**TASK STATEMENT:**
If a line in the entries below includes "TANK", pick it out and copy it.
====== INFORMATION SUPPLIED ======
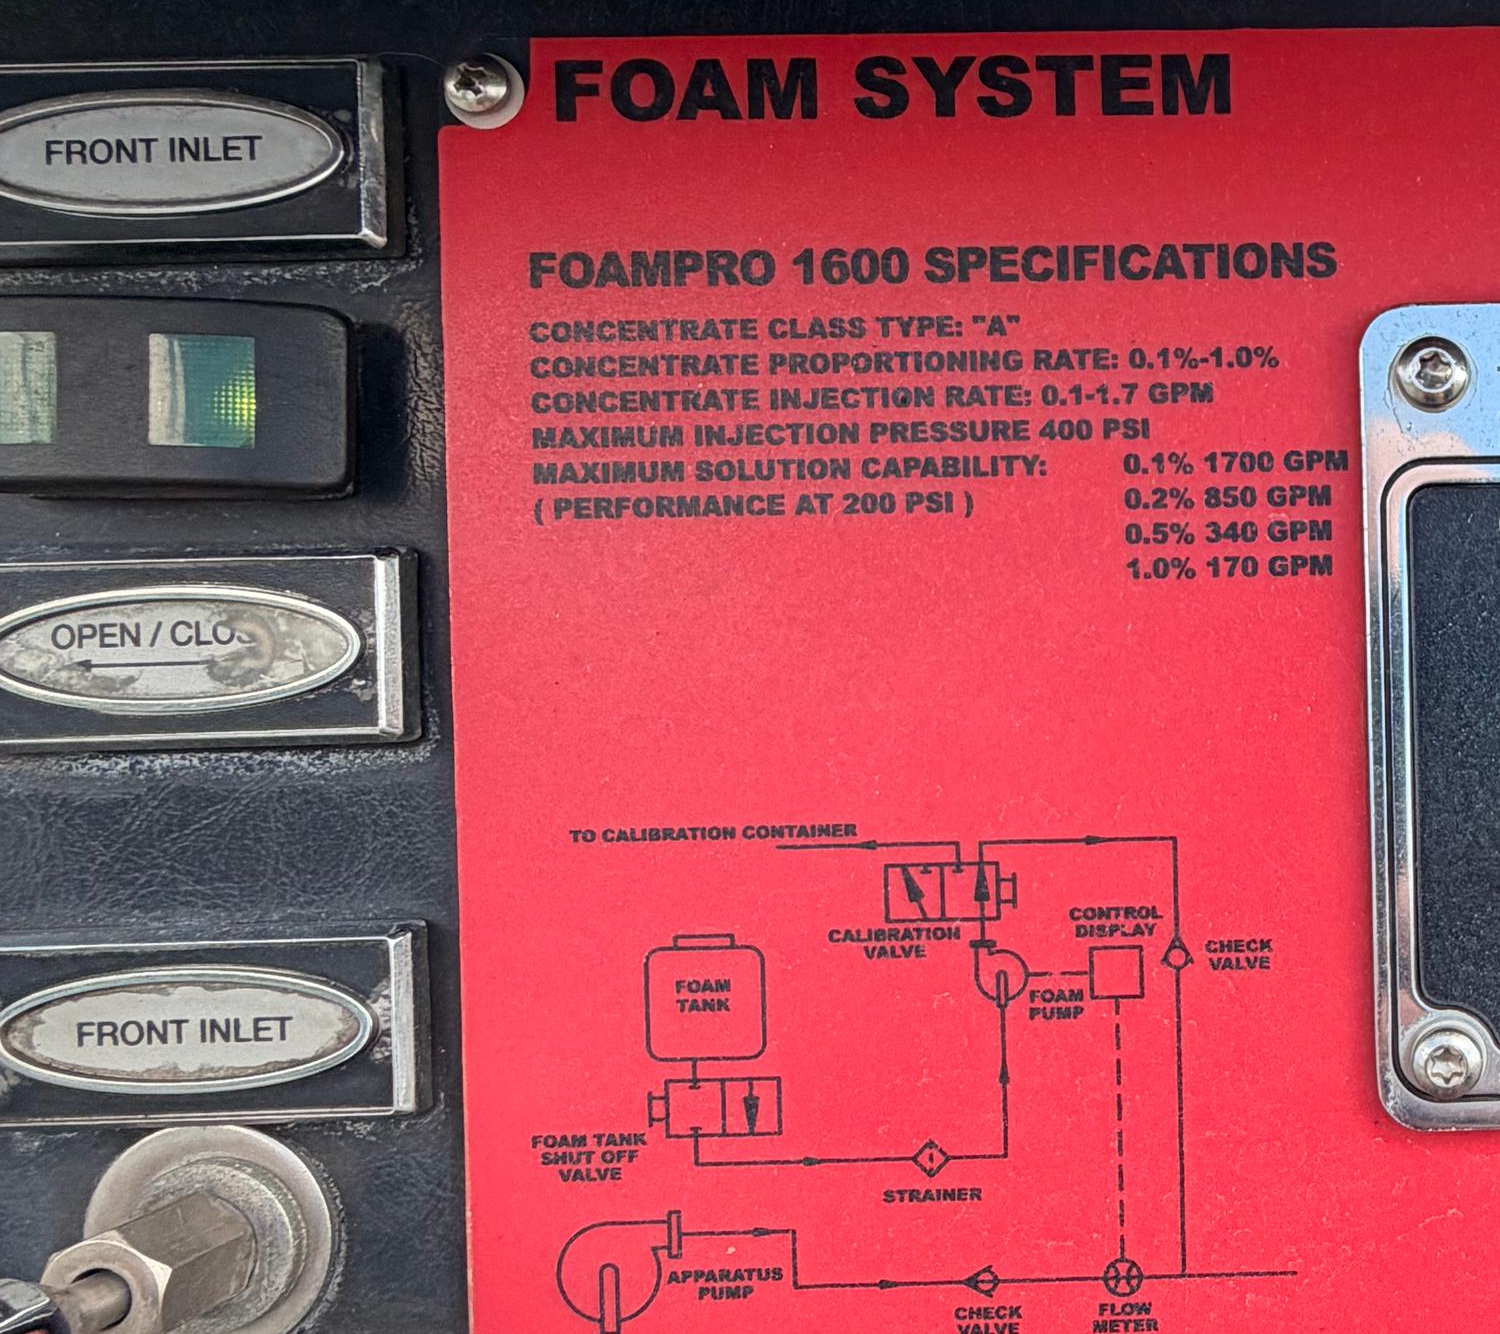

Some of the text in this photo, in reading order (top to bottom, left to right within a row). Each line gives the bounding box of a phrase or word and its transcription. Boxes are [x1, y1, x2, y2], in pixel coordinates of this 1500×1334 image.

[555, 54, 1230, 122] FOAM SYSTEM
[46, 136, 262, 165] FRONT INLET
[529, 242, 1336, 288] FOAMPRO 1600 SPECIFICATIONS
[529, 315, 1020, 343] CONCENTRATE CLASS TYPE: "A"
[530, 346, 1279, 379] CONCENTRATE PROPORTIONING RATE: 0.1%-1.0%
[531, 382, 1213, 413] CONCENTRATE INJECTION RATE: 0.1-1.7 GPM
[533, 419, 1149, 449] MAXIMUM INJECTION PRESSURE 400 PSI
[534, 450, 1348, 484] MAXIMUM SOLUTION CAPABILITY: 0.1% 1700 GPM
[1124, 485, 1331, 510] 0.2% 850 GPM
[554, 494, 784, 520] PERFORMANCE
[795, 493, 833, 515] AT
[843, 493, 895, 514] 200
[906, 492, 953, 513] PSI
[1125, 520, 1332, 544] 0.5% 340 GPM
[1127, 555, 1332, 579] 1.0% 170 GPM
[51, 623, 140, 650] OPEN
[170, 620, 258, 648] CLO
[570, 824, 857, 842] TO CALIBRATION CONTAINER
[1069, 906, 1162, 921] CONTROL
[828, 927, 960, 942] CALIBRATION
[1076, 923, 1155, 938] DISPLAY
[864, 945, 925, 959] VALVE
[1206, 939, 1271, 953] CHECK
[1209, 956, 1269, 970] VALVE
[676, 979, 730, 993] FOAM
[1030, 990, 1083, 1003] FOAM
[677, 999, 729, 1012] TANK
[1029, 1006, 1083, 1020] PUMP
[77, 1017, 293, 1047] FRONT INLET
[532, 1134, 646, 1148] FOAM TANK
[542, 1150, 638, 1165] SHUT OFF
[559, 1168, 621, 1182] VALVE
[883, 1188, 981, 1203] STRAINER
[667, 1268, 783, 1284] APPARATUS
[699, 1286, 753, 1300] PUMP
[955, 1306, 1022, 1320] CHECK
[1099, 1303, 1152, 1316] FLOW
[1093, 1319, 1158, 1333] METER
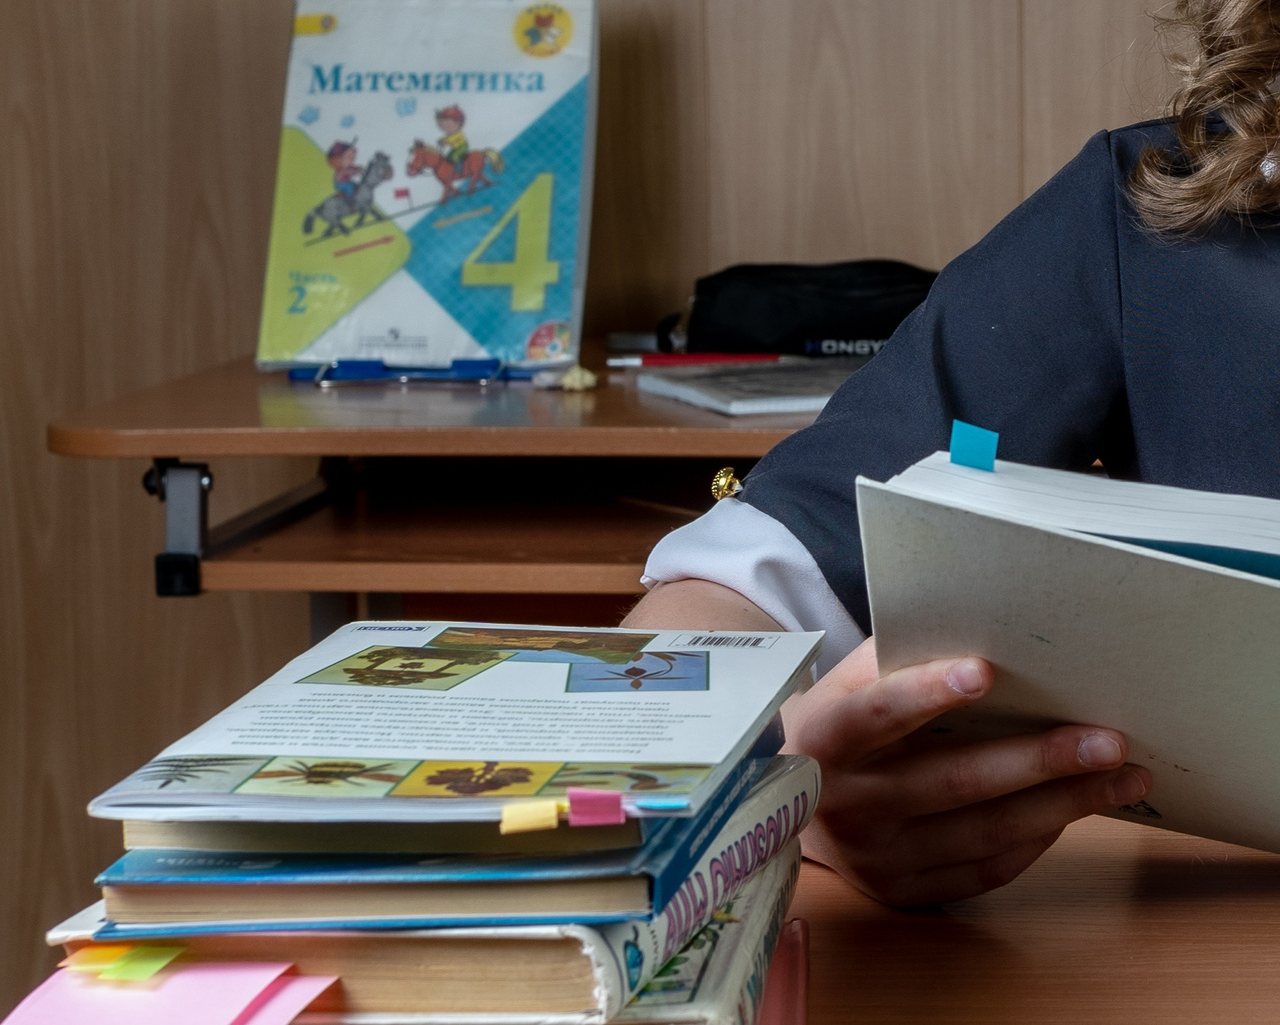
======
**RESPONSE:**
[677, 999, 729, 1012] TANK
[532, 1134, 646, 1148] FOAM TANK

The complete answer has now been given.